Data Reshaped: Literalism in the Age of Digital Design and Architectural Fabrication


  • Eran Neuman



This essay examines the recent shift in the perception of literalism in architecture as a result of the advent of digital media and the emergence of digital design processes. Whereas pre-digital literalism in art and architecture focused on the object and on space respectively, digital literalism is based on data transliteration and the design processes themselves. Referring to theoretical discourses that frame literal expressions as non-representational, non-metaphorical and non-analogical utterances, the essay delves into the ways in which data-based expressions become literal.
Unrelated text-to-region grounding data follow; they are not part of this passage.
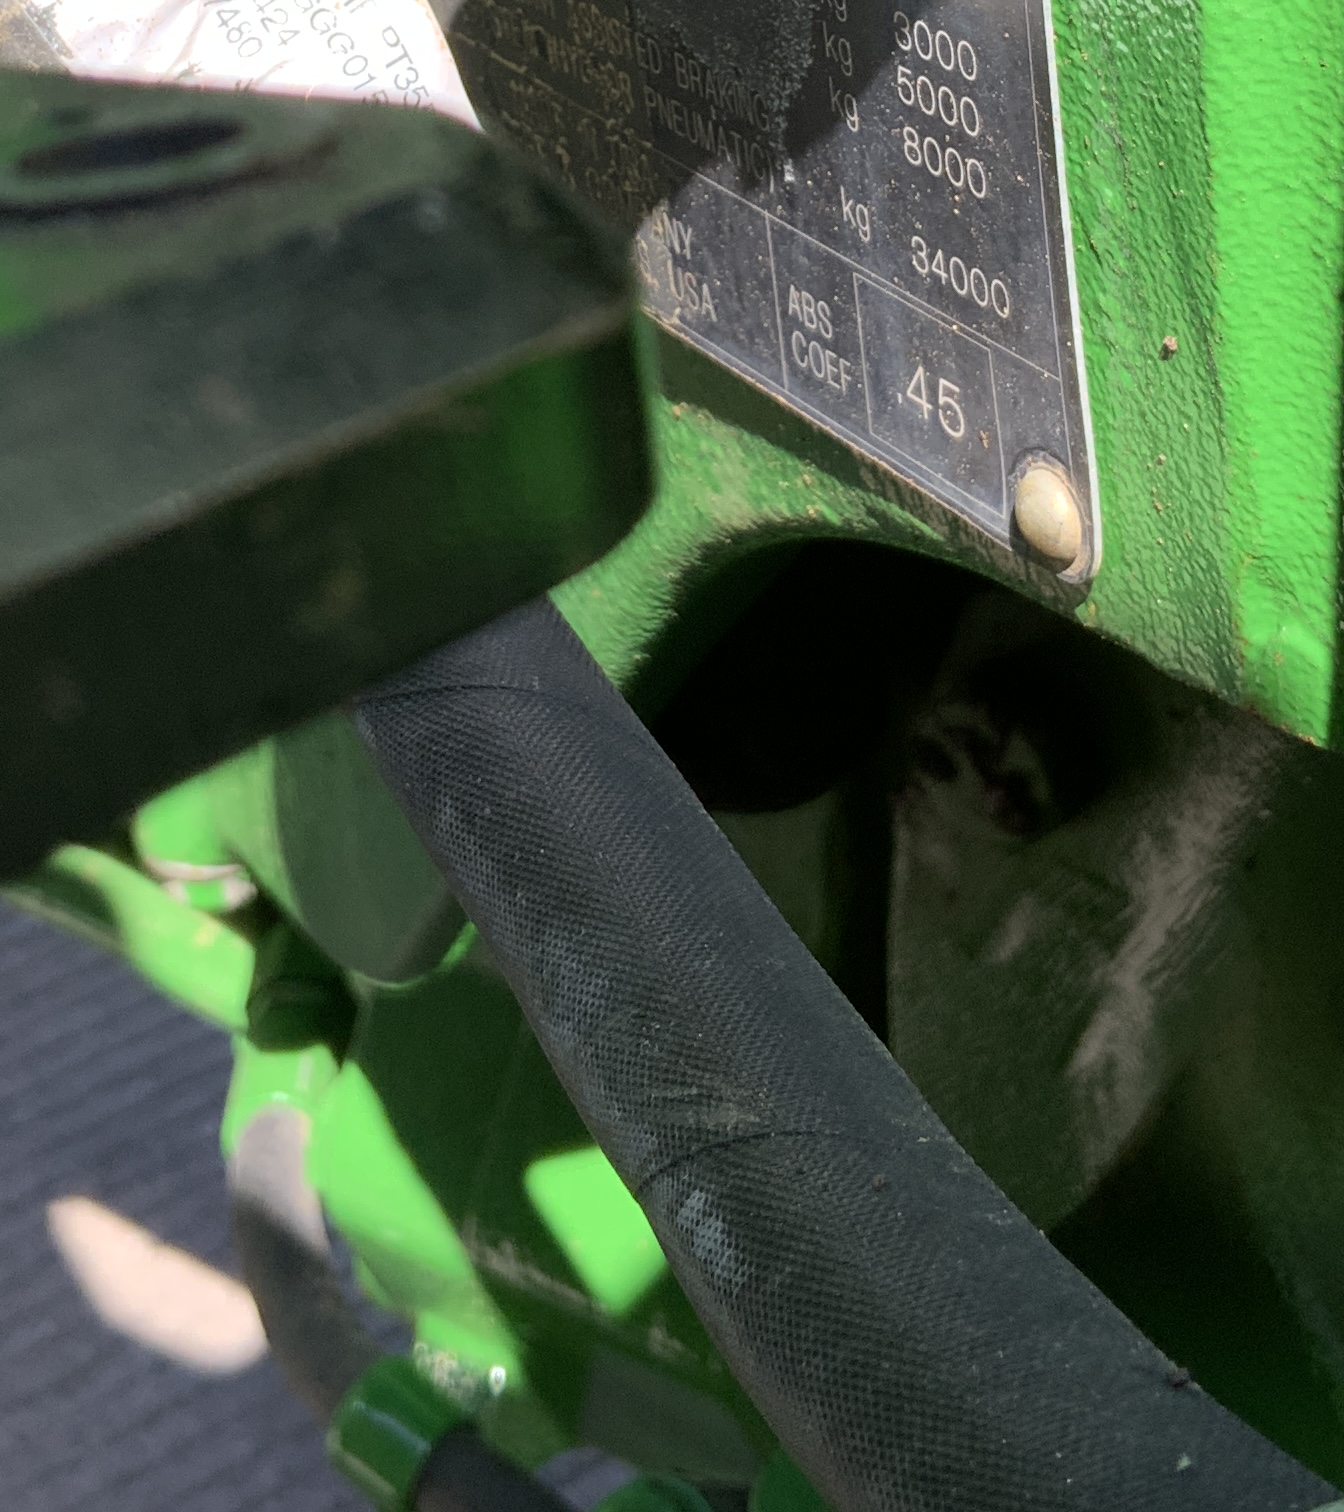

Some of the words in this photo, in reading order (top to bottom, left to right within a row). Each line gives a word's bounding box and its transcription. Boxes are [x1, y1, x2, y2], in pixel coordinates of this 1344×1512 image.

[381, 25, 436, 109] PT35
[822, 22, 853, 77] kg
[897, 65, 981, 137] 5000
[893, 11, 977, 82] 3000
[828, 76, 860, 133] kg
[903, 126, 986, 199] 8000
[840, 186, 871, 242] kg
[910, 236, 1010, 319] 34000
[788, 284, 833, 339] ABS
[791, 331, 852, 396] COEF
[896, 365, 965, 438] .45
The ability to digitally transliterate data and have it articulated in several (virtual or physical) media enables the creation of multiple expressions of the same data that are literal with respect to each other. The essay outlines these transformations and argues that they reflect significant changes in architectural design processes and their literalisation.

Author Biography

Eran Neuman

Eran Neuman is an architect and the head of the Azrieli School of Architecture, Tel Aviv University. His research focuses on digital design methodologies and culture, fabrication, and algorithmic design. Eran has lectured worldwide, including at Harvard University and Tongji University in Shanghai. Eran’s book, Performalism: Form and Performance in Digital Architecture (co-edited with Yasha Grobman), was published by Routledge in 2012.